But really, no wonder I’m pissed off …

Not only that but the troublesome absentee neighbours in the middle flat are causing a fuss about K very kindly paying their share of the house building insurance for them as it was due and we thought the building should really continue to be insured (well, it seemed logical to us …). Anyway, they’re querying the long-standing division of costs, the rebuilding costs, the lease, the contents, what we might do if we decide to flood them (oh the temptation, don’t even mention it …) and anything else that springs to their troublesome minds. In addition, they have now started questioning the very lovely downstairs neighbours about whether she has been using their lawnmower (um no, she hasn’t …) and whether the garage she owns is in fact hers (it is. We know it is as this flat sold it to them in the 1960s and so it’s got nothing whatsoever to do with the ruddy middle neighbours, who really just try to get their facts right or simply butt out of what is none of their business). The crux of the matter is I understand they hate us (we hate them too so it’s fair dues) but why they have to interfere with the perfectly innocent downstairs neighbour is way way beyond us. Perhaps they are just insane? It’s a definite possibility.

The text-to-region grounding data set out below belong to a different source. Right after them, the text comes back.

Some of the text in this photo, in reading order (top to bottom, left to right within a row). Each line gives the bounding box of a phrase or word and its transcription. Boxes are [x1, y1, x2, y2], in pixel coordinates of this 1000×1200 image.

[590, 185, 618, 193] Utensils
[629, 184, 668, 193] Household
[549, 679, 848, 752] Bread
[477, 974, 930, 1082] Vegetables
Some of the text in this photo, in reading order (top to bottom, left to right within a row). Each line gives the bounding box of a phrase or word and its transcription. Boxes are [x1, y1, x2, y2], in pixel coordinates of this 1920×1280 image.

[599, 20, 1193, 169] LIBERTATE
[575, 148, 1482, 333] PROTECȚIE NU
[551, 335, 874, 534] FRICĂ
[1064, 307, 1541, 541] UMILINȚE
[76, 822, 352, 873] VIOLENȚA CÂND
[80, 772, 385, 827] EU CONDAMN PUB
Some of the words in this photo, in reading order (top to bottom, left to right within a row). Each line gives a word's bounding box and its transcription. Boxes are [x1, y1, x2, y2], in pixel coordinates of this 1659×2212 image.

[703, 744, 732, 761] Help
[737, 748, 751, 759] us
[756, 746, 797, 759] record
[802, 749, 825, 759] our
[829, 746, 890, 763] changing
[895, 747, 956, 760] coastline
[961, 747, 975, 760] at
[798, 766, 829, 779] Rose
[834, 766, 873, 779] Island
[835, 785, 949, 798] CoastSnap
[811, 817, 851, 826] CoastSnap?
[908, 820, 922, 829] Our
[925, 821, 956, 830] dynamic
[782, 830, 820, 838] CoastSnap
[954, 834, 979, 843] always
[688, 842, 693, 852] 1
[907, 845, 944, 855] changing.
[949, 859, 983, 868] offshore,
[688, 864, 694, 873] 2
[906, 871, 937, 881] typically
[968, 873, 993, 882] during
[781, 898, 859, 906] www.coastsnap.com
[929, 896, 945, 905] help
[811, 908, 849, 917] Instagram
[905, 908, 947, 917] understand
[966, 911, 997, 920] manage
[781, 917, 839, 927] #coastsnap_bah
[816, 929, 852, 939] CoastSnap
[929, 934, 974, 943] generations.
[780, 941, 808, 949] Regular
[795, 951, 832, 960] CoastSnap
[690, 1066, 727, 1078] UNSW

So, what with all this, I’m now deeply worried about what will happen and what problems they might cause if we ever get a buyer for our flat (academic question at the moment as dammit but no-one’s come near the place and it’s been a week already, sigh …) and whether they’ll decide to block the sales agreement (their right as a one-third freeholder) and therefore prevent us from selling at all. Maybe I’m over-dramatising, but yes I am worried about this. Whatever happens, I do not want to be in this flat for my next birthday in summer 2011. I’ve really seriously got to be out of here by then, if only for reasons of mental wellbeing, even if we have to abandon it and simply buy a similar property elsewhere. I fear Flat 2 might become an albatross round our neck we’re never going to be rid of and therefore the dream of an extra bedroom we might use as a study plus a garden and a garage might be vanishing away. And if the neighbours won’t let us sell it, then they’re unlikely to allow us to rent it out either, further sighing … If all this has taught me one thing and a thing I will freely share with you now, it’s this: never ever buy leasehold, no matter how lovely the people are you’re sharing it with – as things move on and other people come in, and you can never ever tell what might happen. Still, I hope it doesn’t come to this, as I just want us or them to leave. Yes, I’m probably being paranoid, but it’s been a difficult week and getting perspective is really really tough. On the brighter side, I’m sure (sort of) that the middle neighbours must want us to leave – why wouldn’t they?? After all, from the evidence of this paragraph we are of course insane … In the meantime I’ve started to take 2 St John’s Wort pills per day instead of one to try to bring back the happiness though – I’ll let you know if it works, ho hum.

Book News:

A Dangerous Man did really well in the recent giveaway at Jessewave Reviews, so I’m very pleased about that. It’s also now available at Amazon UK and also at Rainbow Ebooks, so that’s nice. Apparently people are even buying it, well gosh.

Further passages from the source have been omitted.